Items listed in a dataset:
☆ ☆ ☆

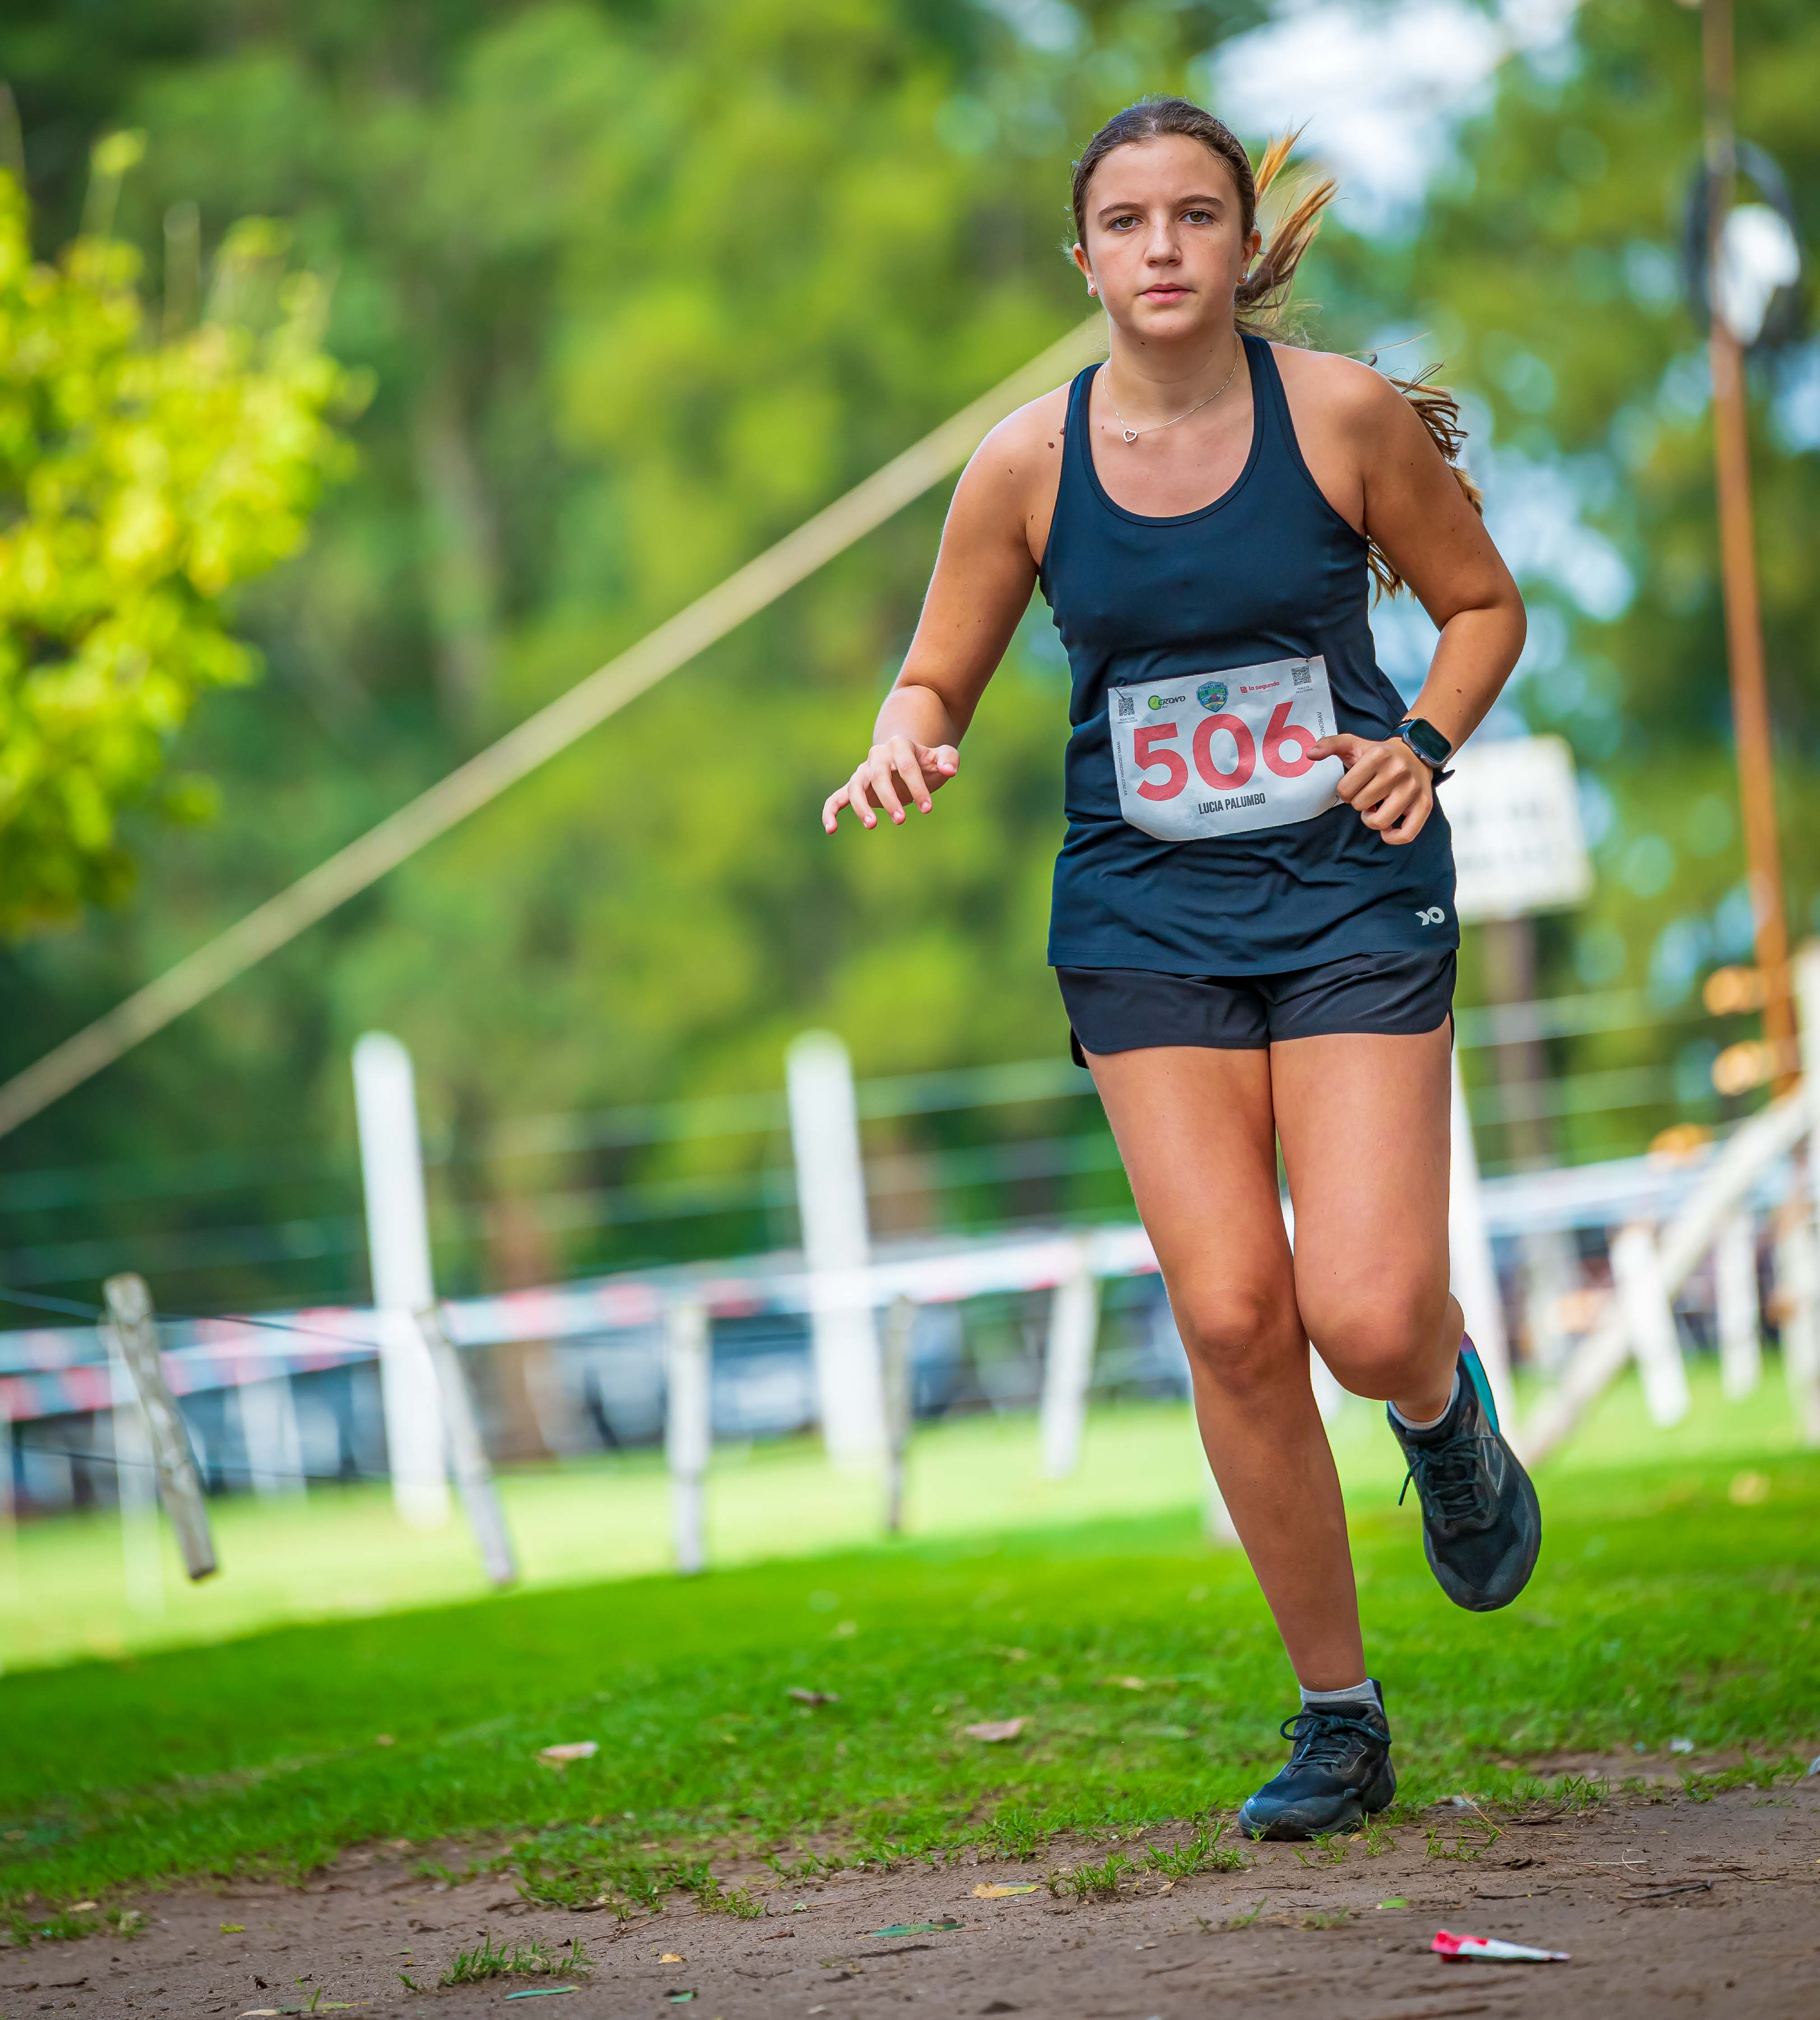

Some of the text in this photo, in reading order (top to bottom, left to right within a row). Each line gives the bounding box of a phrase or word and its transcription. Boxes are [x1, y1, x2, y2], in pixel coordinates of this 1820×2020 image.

[1255, 681, 1280, 690] segunda
[1117, 741, 1128, 796] WWW.CRONORAV.COM.AR
[1133, 701, 1317, 802] 506
[1198, 792, 1266, 815] LUCIA PALUMBO

☆ ☆ ☆

Drop the images; copy every entry above exactly.

Some of the text in this photo, in reading order (top to bottom, left to right within a row). Each line gives the bounding box of a phrase or word and its transcription. Boxes are [x1, y1, x2, y2], in pixel coordinates of this 1820×2020 image.

[1255, 681, 1280, 690] segunda
[1117, 741, 1128, 796] WWW.CRONORAV.COM.AR
[1133, 701, 1317, 802] 506
[1198, 792, 1266, 815] LUCIA PALUMBO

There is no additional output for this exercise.